BEGIN
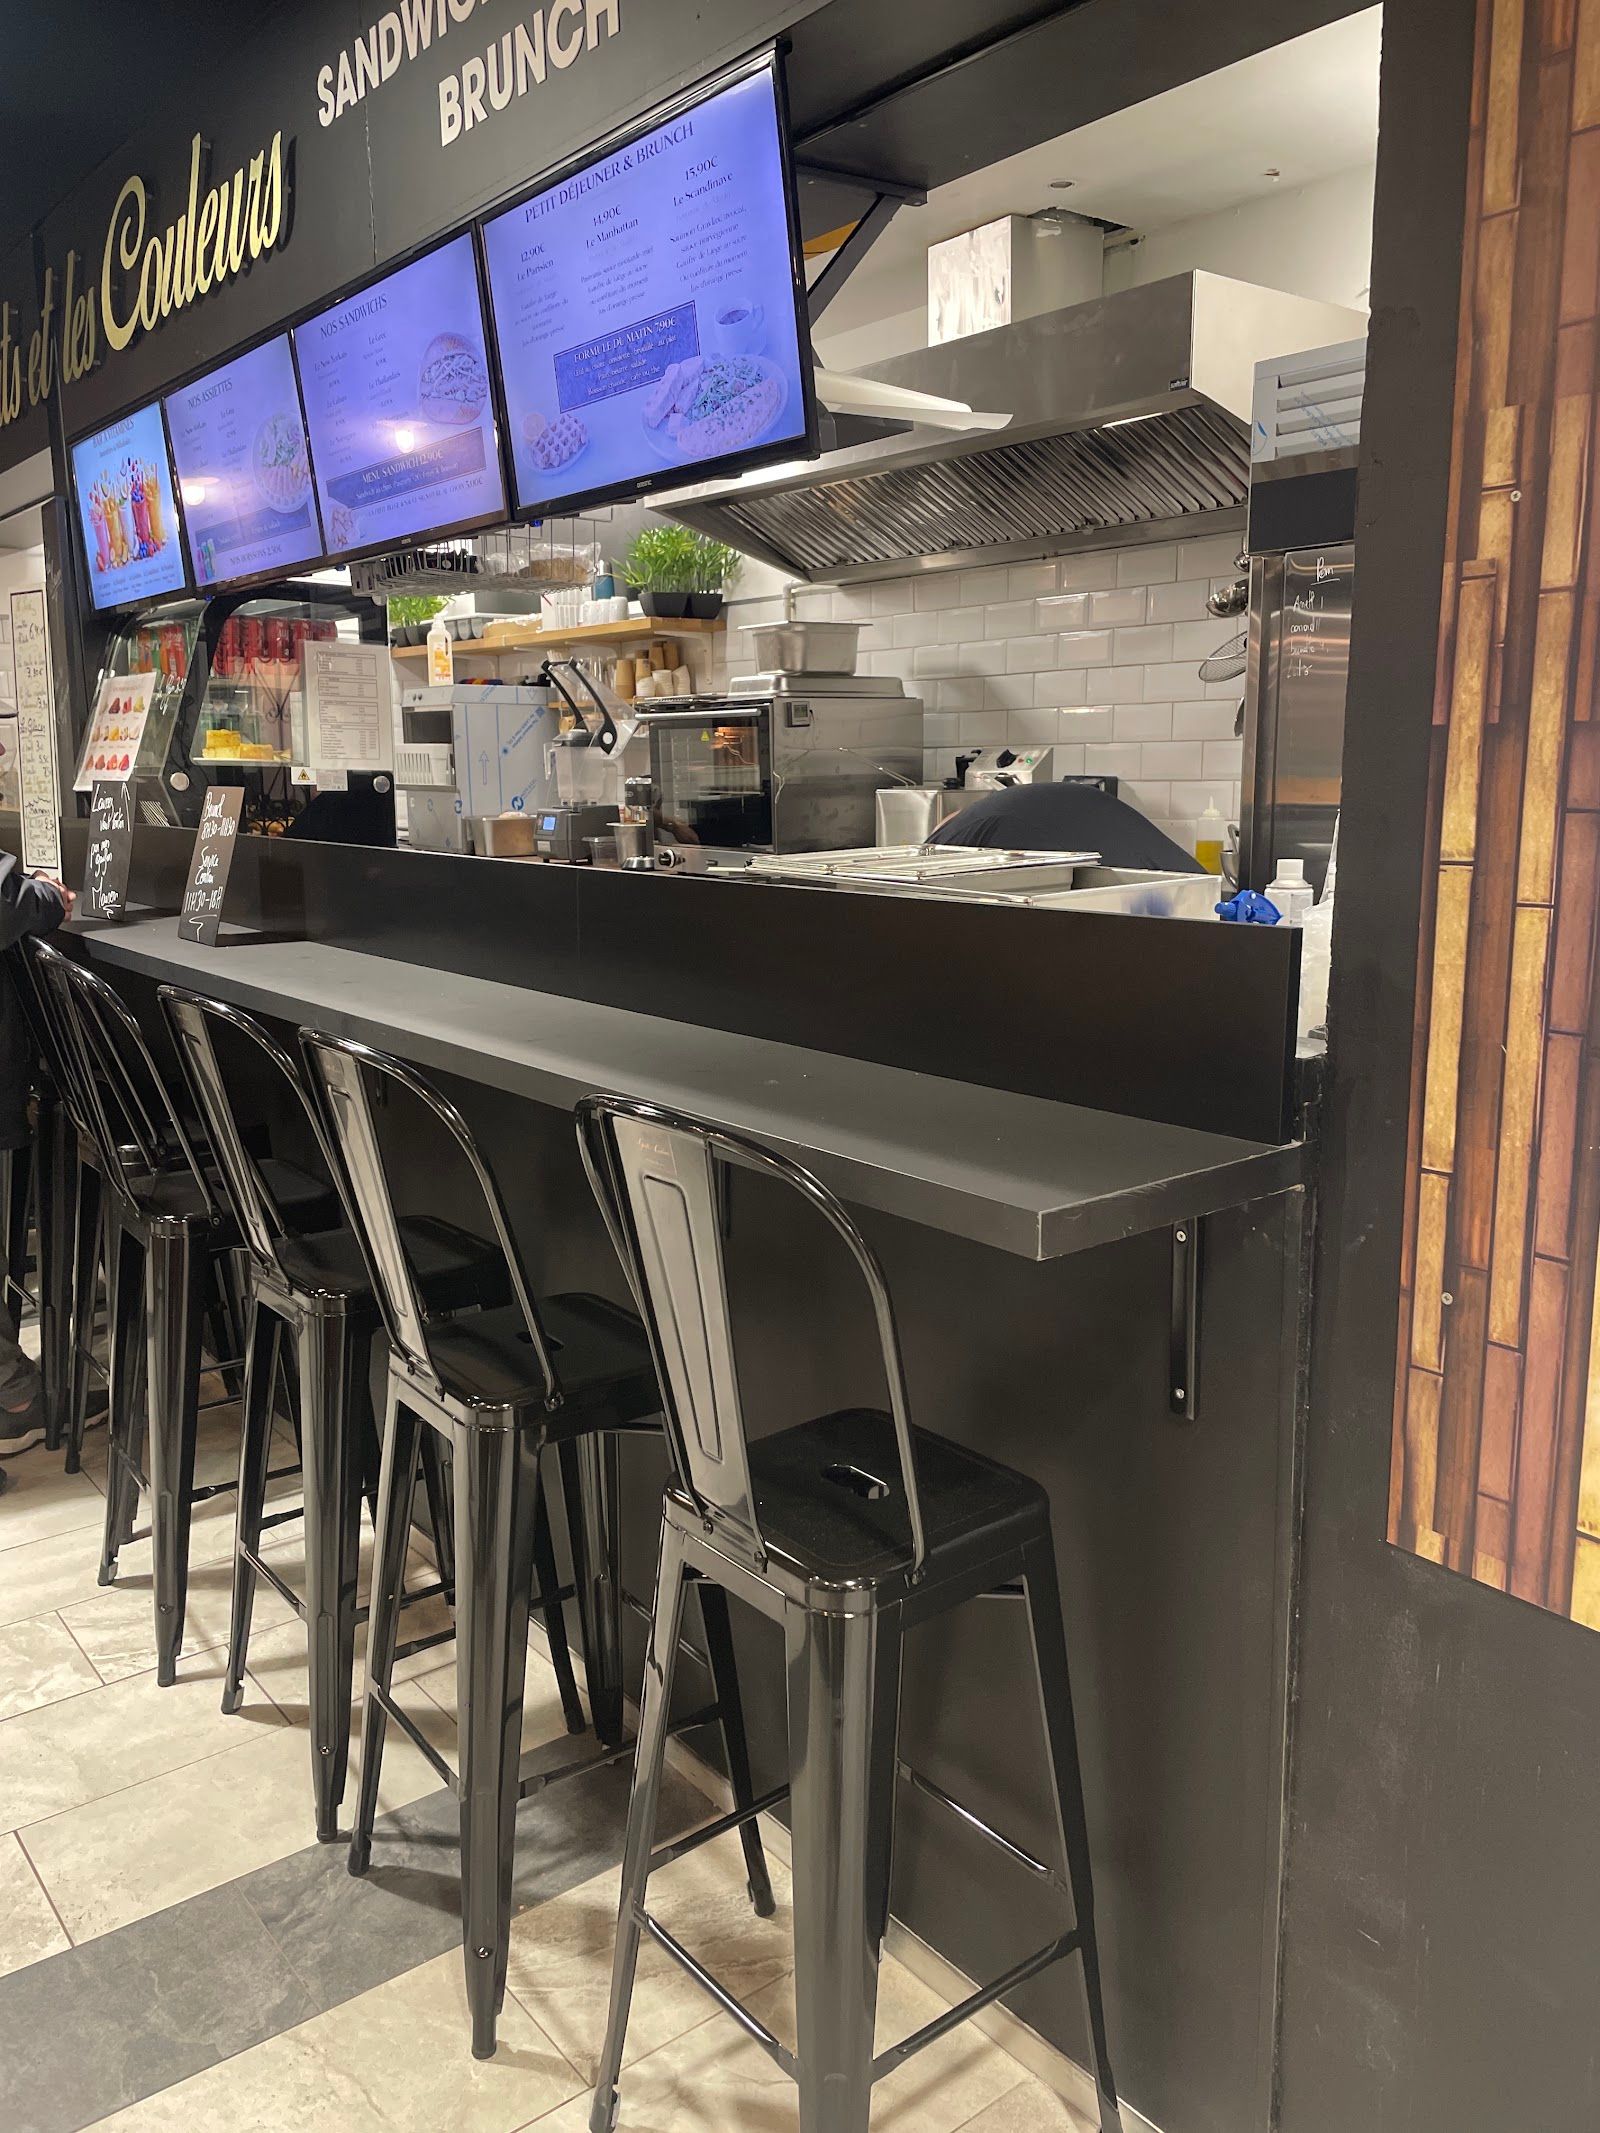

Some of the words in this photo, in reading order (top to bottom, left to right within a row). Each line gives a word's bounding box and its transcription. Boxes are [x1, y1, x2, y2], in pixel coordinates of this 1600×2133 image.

[438, 0, 620, 147] BRUNCH
[524, 194, 558, 224] PETIT
[558, 159, 622, 208] DÉJEUNER
[622, 153, 633, 171] &
[636, 120, 694, 164] BRUNCH
[672, 192, 684, 207] Le
[684, 168, 733, 202] Scandinave
[585, 235, 596, 249] Le
[596, 214, 639, 244] Manhattan
[28, 266, 58, 407] et
[63, 249, 95, 385] les
[101, 130, 282, 351] Couleurs
[516, 269, 526, 282] Le
[525, 256, 554, 278] Parisien
[319, 319, 338, 339] NOS
[337, 292, 388, 330] SANDWICHS
[573, 340, 611, 363] FORMULE
[612, 335, 624, 348] DU
[626, 324, 653, 343] MATIN
[187, 393, 201, 410] NOS
[200, 377, 233, 403] ASSIETTES
[361, 469, 380, 483] MENU
[381, 456, 419, 477] SANDWICH
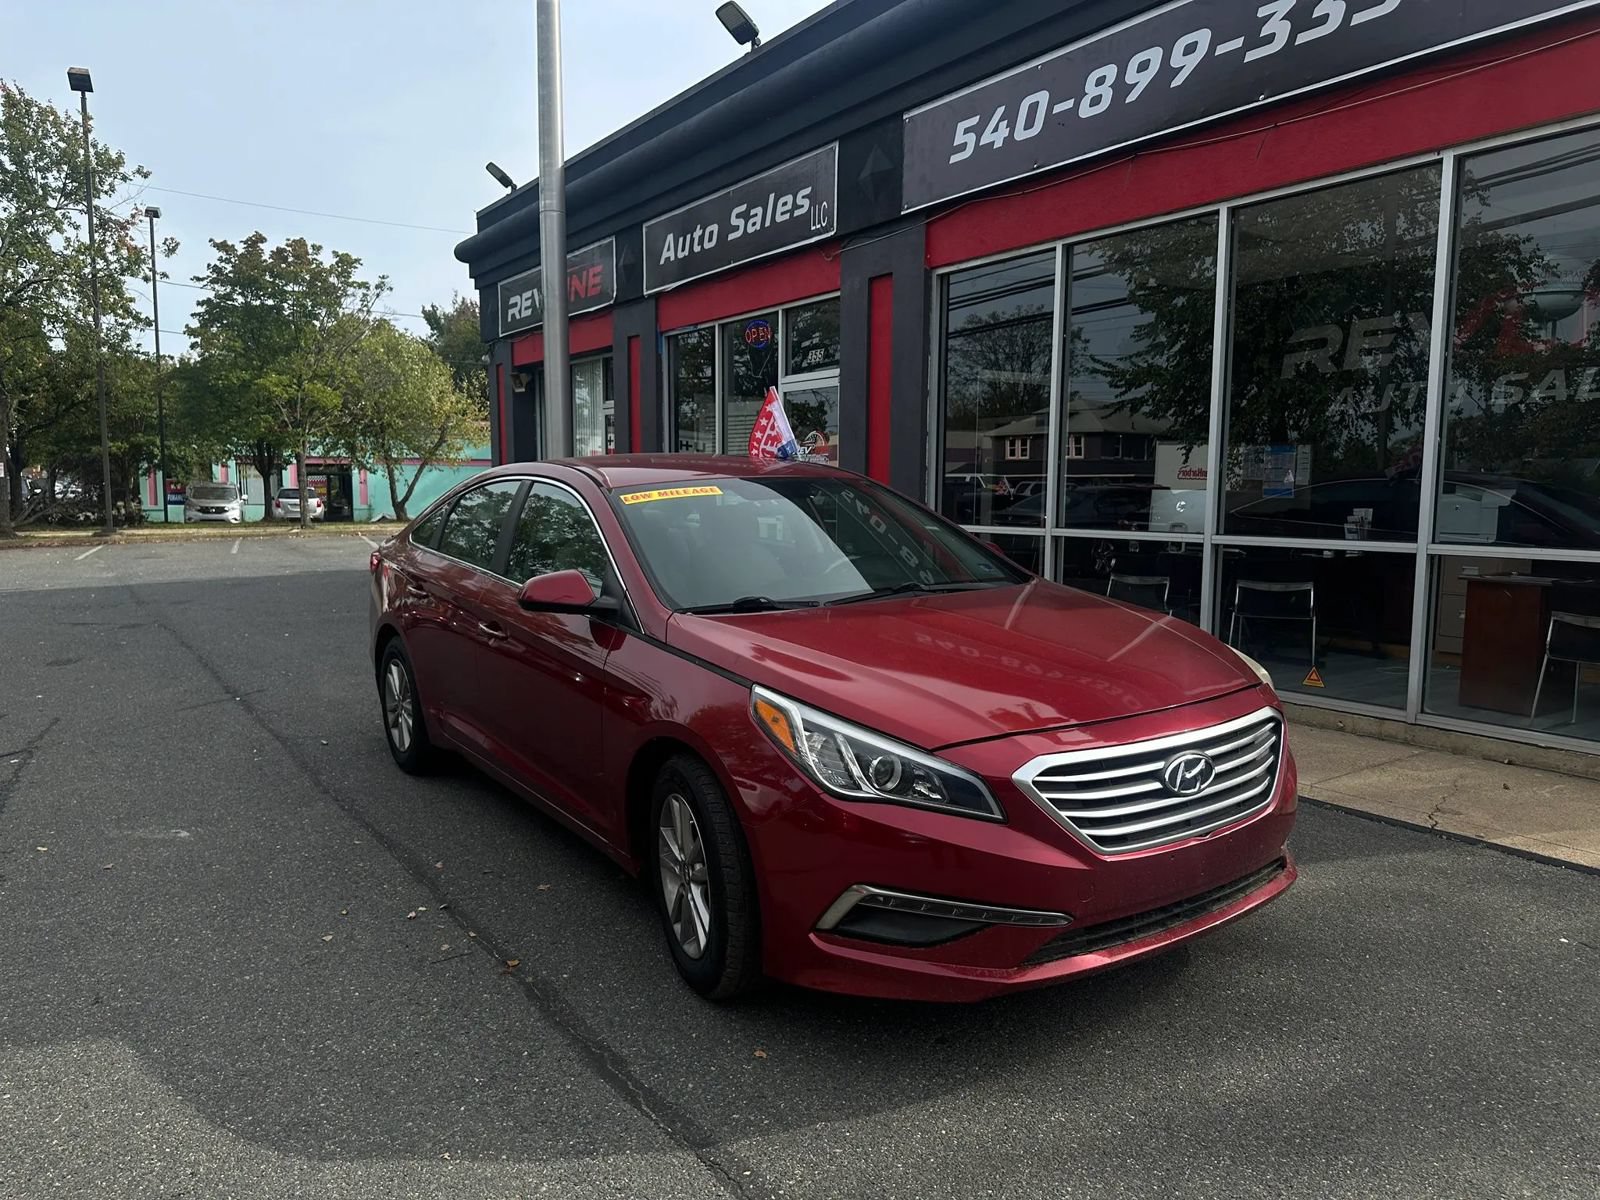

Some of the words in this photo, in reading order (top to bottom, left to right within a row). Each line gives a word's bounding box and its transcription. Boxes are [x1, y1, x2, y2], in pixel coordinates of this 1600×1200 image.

[810, 201, 828, 231] LLC
[659, 223, 719, 265] Auto
[727, 186, 812, 241] Sales
[745, 327, 771, 343] OPEN
[808, 349, 824, 362] 355
[623, 492, 651, 502] LOW
[657, 487, 718, 497] MILEAGE
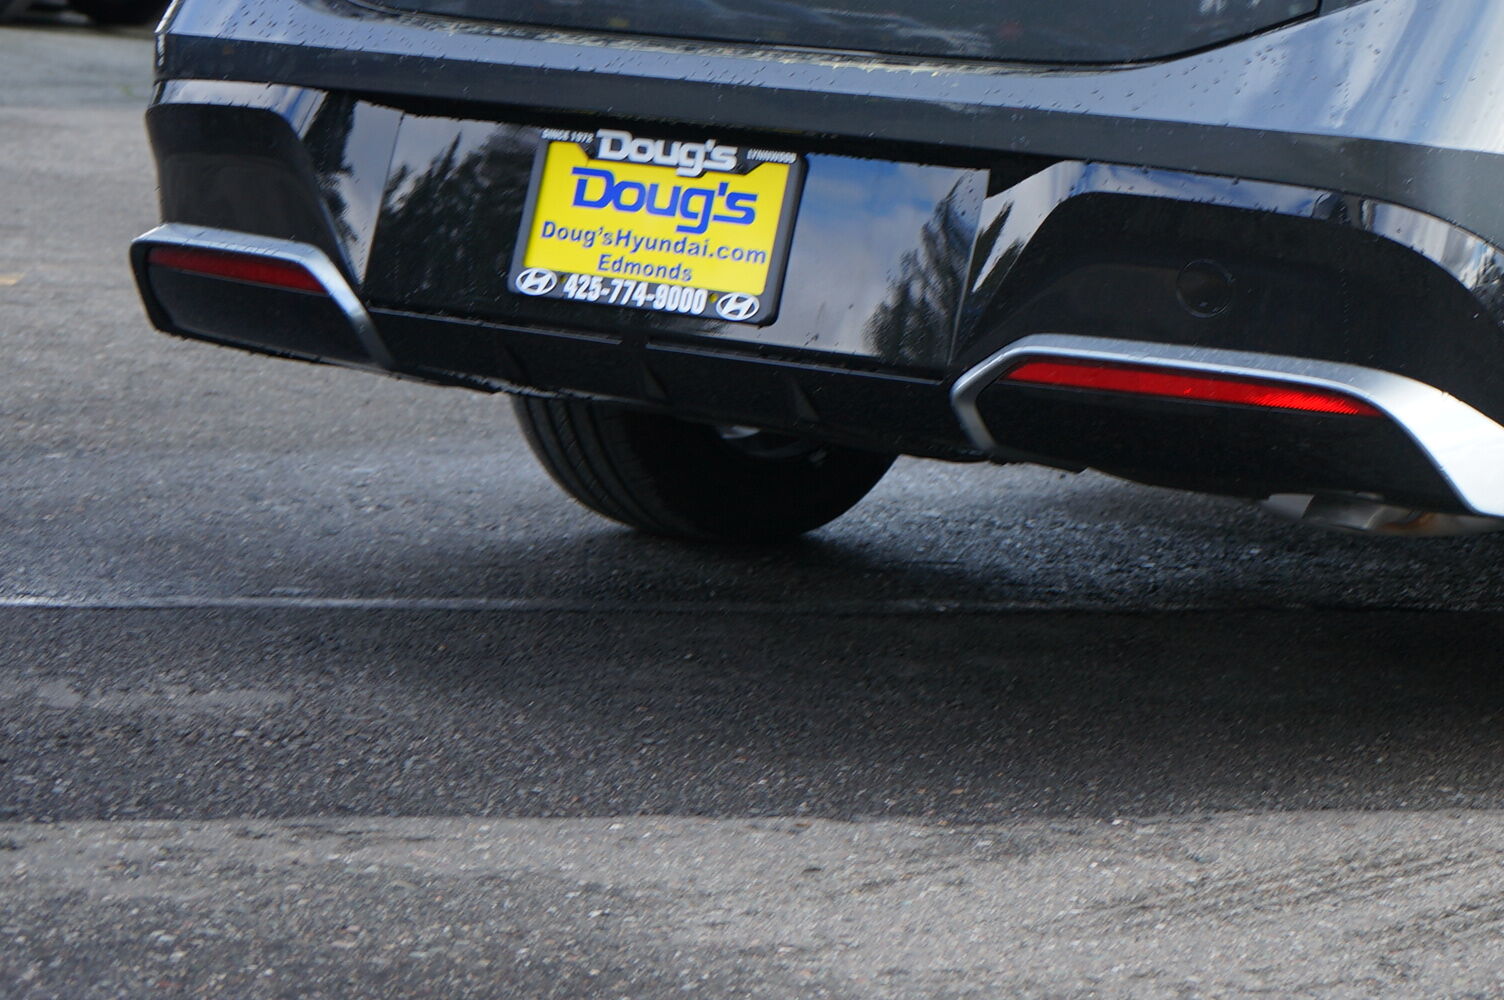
END
**WORK ORDER:** Exactly reproduce each record, leaving out any pictures.

**TASK ANSWER:**
Some of the words in this photo, in reading order (top to bottom, left to right within a row). Each line gives a word's bounding box and its transcription. Boxes are [x1, y1, x2, y2], in pixel coordinates of this 1600×2133 image.

[438, 0, 620, 147] BRUNCH
[524, 194, 558, 224] PETIT
[558, 159, 622, 208] DÉJEUNER
[622, 153, 633, 171] &
[636, 120, 694, 164] BRUNCH
[672, 192, 684, 207] Le
[684, 168, 733, 202] Scandinave
[585, 235, 596, 249] Le
[596, 214, 639, 244] Manhattan
[28, 266, 58, 407] et
[63, 249, 95, 385] les
[101, 130, 282, 351] Couleurs
[516, 269, 526, 282] Le
[525, 256, 554, 278] Parisien
[319, 319, 338, 339] NOS
[337, 292, 388, 330] SANDWICHS
[573, 340, 611, 363] FORMULE
[612, 335, 624, 348] DU
[626, 324, 653, 343] MATIN
[187, 393, 201, 410] NOS
[200, 377, 233, 403] ASSIETTES
[361, 469, 380, 483] MENU
[381, 456, 419, 477] SANDWICH

Some of the words in this photo, in reading order (top to bottom, left to right within a row). Each line gives a word's bounding box and its transcription. Boxes are [x1, y1, x2, y2], in pixel coordinates of this 1600×1200 image.

[810, 201, 828, 231] LLC
[659, 223, 719, 265] Auto
[727, 186, 812, 241] Sales
[745, 327, 771, 343] OPEN
[808, 349, 824, 362] 355
[623, 492, 651, 502] LOW
[657, 487, 718, 497] MILEAGE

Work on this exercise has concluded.